I’m often asked by people planning their first long-distance train ride if they should work with a travel agent. Really, it depends on how complicated your itinerary and other details are going to be. If you’re traveling solo or as a couple and it’s one train from Point A to Point B, there’s really no reason why you can’t book it yourself.
If it’s your very first long-distance train ride, I’d use the Amtrak website for research and planning, but then and on help from an Amtrak reservations agent for the actual booking, especially if you not certain on a couple of the details. The toll-free number is 1-800-USA-RAIL. The call will be answered by an automated female voice, but just say the word “Agent” a couple of times and you’ll soon be speaking with a human being.
But if it’s your first time and if you’re thinking about an extended rail itinerary—meaning travel on two or three long-distance trains with perhaps a connection or two—consulting a rail-savvy travel agent is probably a good idea and worth the usually modest fee.

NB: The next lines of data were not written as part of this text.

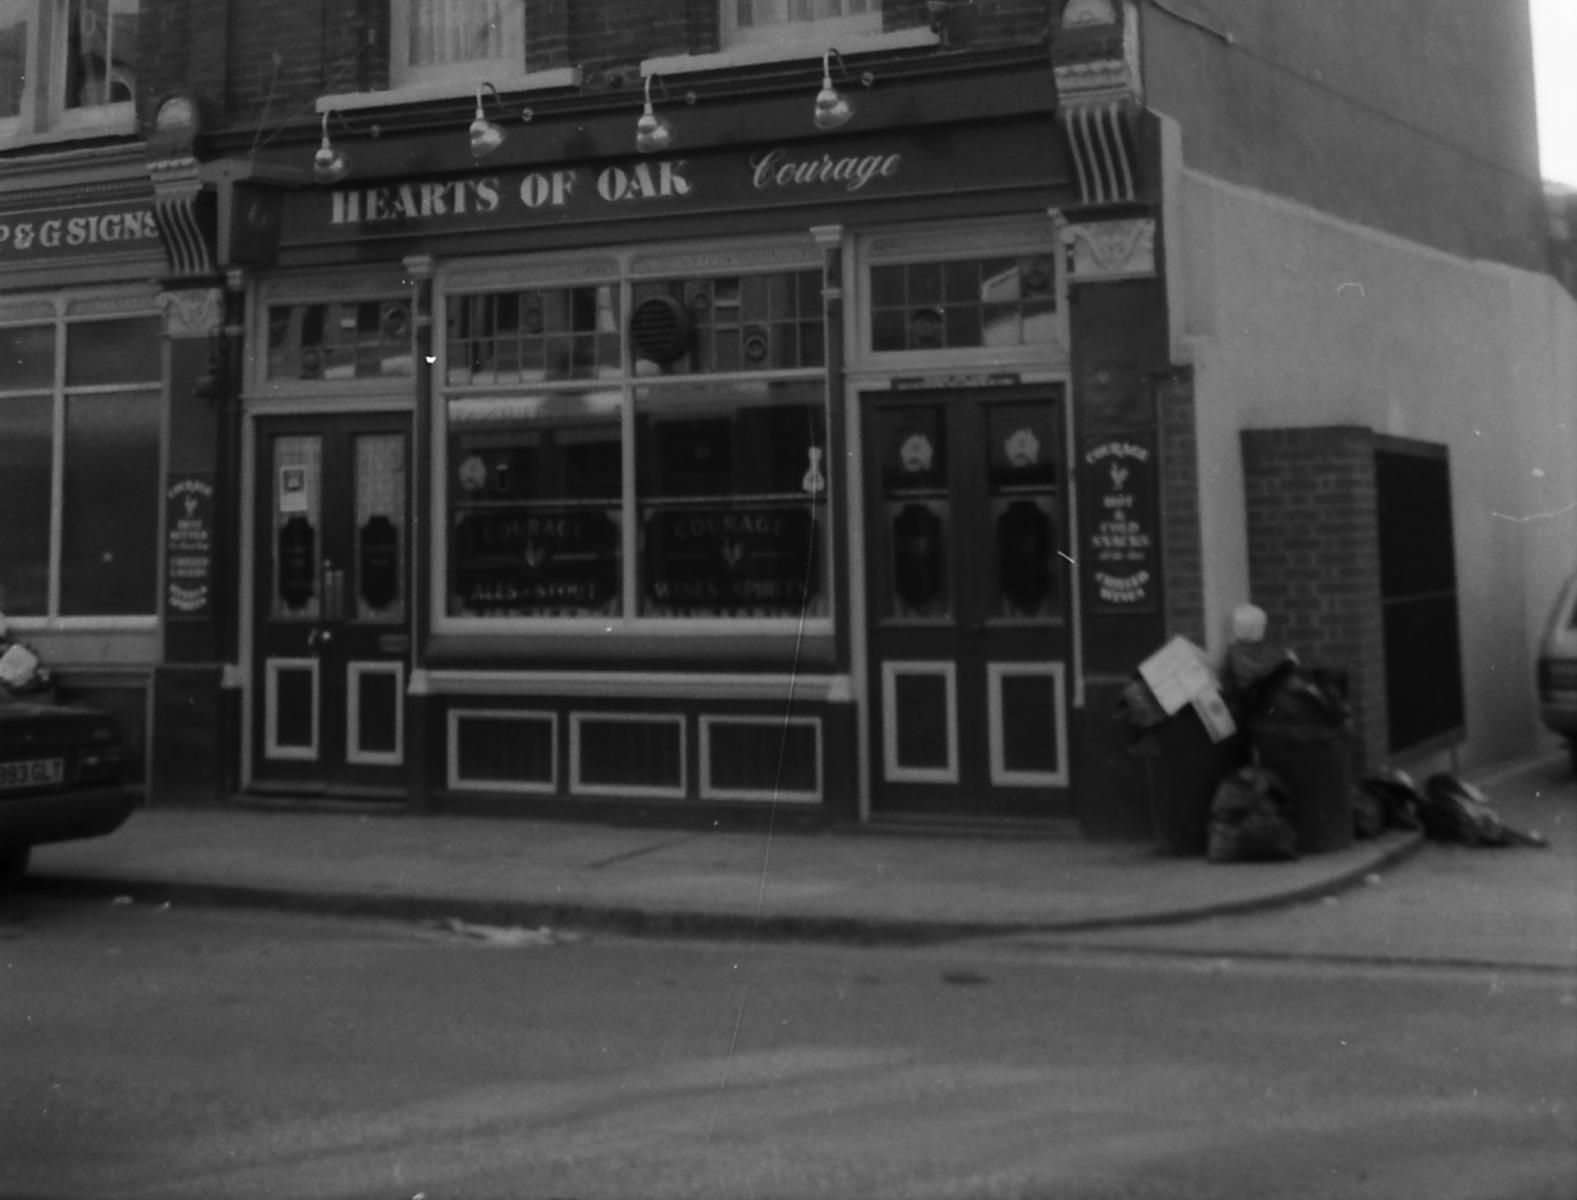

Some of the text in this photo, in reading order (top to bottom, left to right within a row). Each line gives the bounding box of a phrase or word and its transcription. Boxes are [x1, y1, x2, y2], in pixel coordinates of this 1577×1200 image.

[750, 149, 900, 191] Courage
[330, 160, 691, 224] HEARTS OF OAK
[66, 211, 159, 245] SIGNS
[1086, 442, 1149, 464] COURAGE
[673, 514, 784, 540] COURAGE
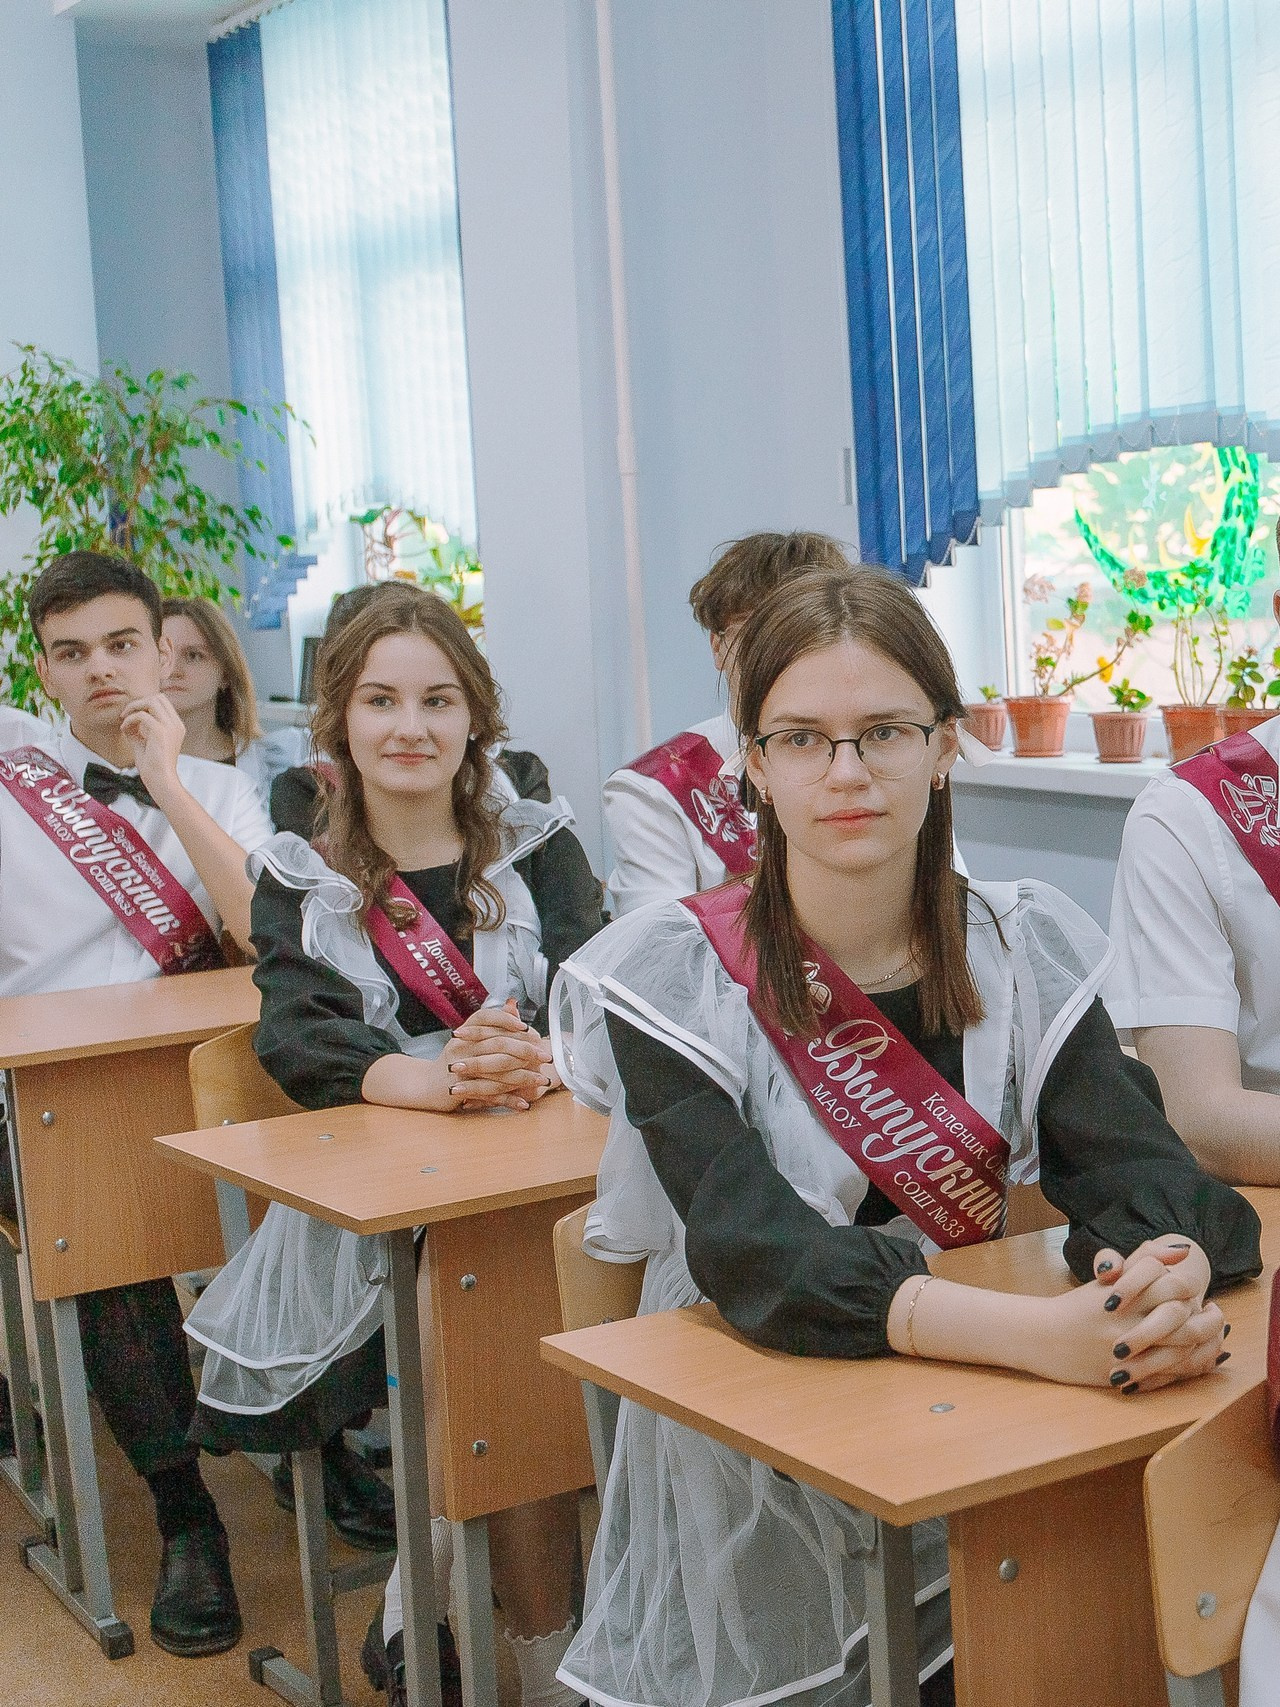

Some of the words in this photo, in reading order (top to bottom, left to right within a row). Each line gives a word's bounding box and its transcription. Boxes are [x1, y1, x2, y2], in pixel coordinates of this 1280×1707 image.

[41, 778, 182, 936] Выпускник
[43, 814, 75, 843] МАОУ
[89, 865, 116, 894] СОШ
[420, 938, 465, 990] Донская
[808, 1082, 862, 1131] МАОУ
[893, 1170, 937, 1211] СОШ
[928, 1204, 966, 1238] №33
[921, 1091, 989, 1160] Каленик

First-timers often need help with several decisions: What type of accommodations would be best? Should we try to make a connection or play it safe by staying overnight and taking the next day’s train? Which is the most scenic train? Is it possible to stop off somewhere for a couple of days along the way. Can we check our bags? And so on and so forth.
A rail-savvy travel agent will have the answers to all the usual questions, but they can bring a lot more to the table. For instance, they can wait-list you if there are no bedrooms available on the California Zephyr for the day you want to travel. Or, if you think you might have difficulty walking in a moving train, an experienced travel agent will make sure you get a bedroom in the sleeping car that’s right next to the dining car, not three cars away.

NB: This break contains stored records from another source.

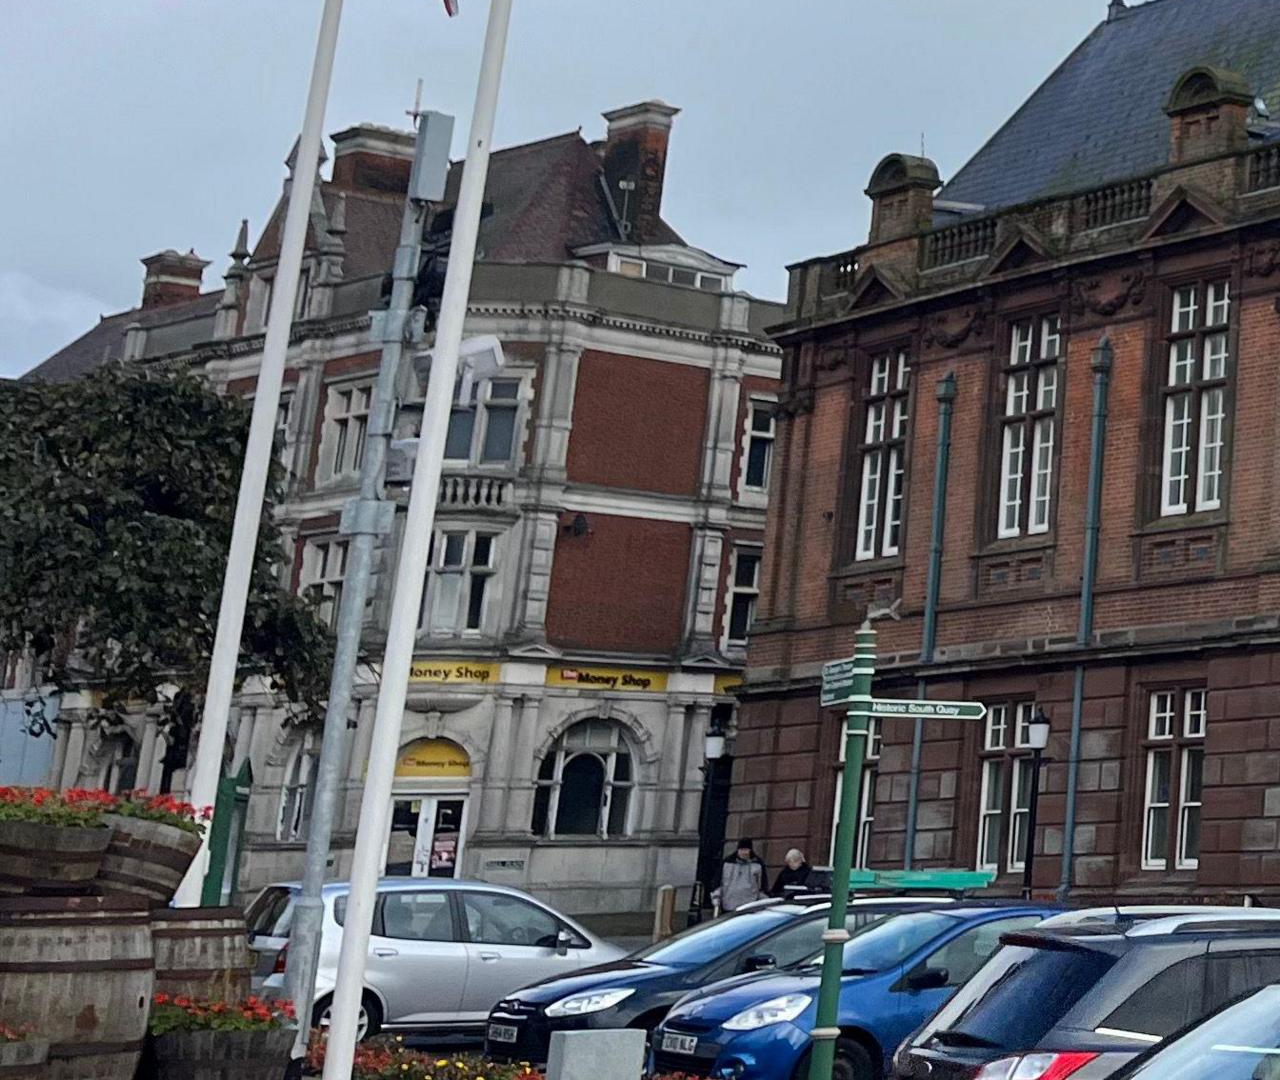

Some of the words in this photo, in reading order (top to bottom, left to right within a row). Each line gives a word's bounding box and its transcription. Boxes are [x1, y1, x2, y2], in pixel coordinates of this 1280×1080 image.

[455, 666, 490, 682] Shop
[578, 673, 618, 688] Money
[621, 674, 651, 688] Shop
[872, 702, 906, 712] Historic
[908, 703, 935, 714] South
[936, 705, 960, 717] Quay

But here’s the problem: For many travel agents—probably most—the bulk of their business is selling airline tickets and booking hotel rooms and cruises. They don’t know much about booking long-distance Amtrak travel. To make sure the person you’re working with is rail-savvy, ask him or her a simple question:
What’s the difference between a roomette in a Superliner sleeping car and a roomette in a Viewliner sleeper?
Answer: every roomette in a Viewliner sleeping car has a toilet and a wash basin in the room, and there’s a window for the upper berth. Roomettes in the Superliner sleepers have no window for the upper berth and the lavatories are “down the hall.”
If your travel agent doesn’t know that, find one who does.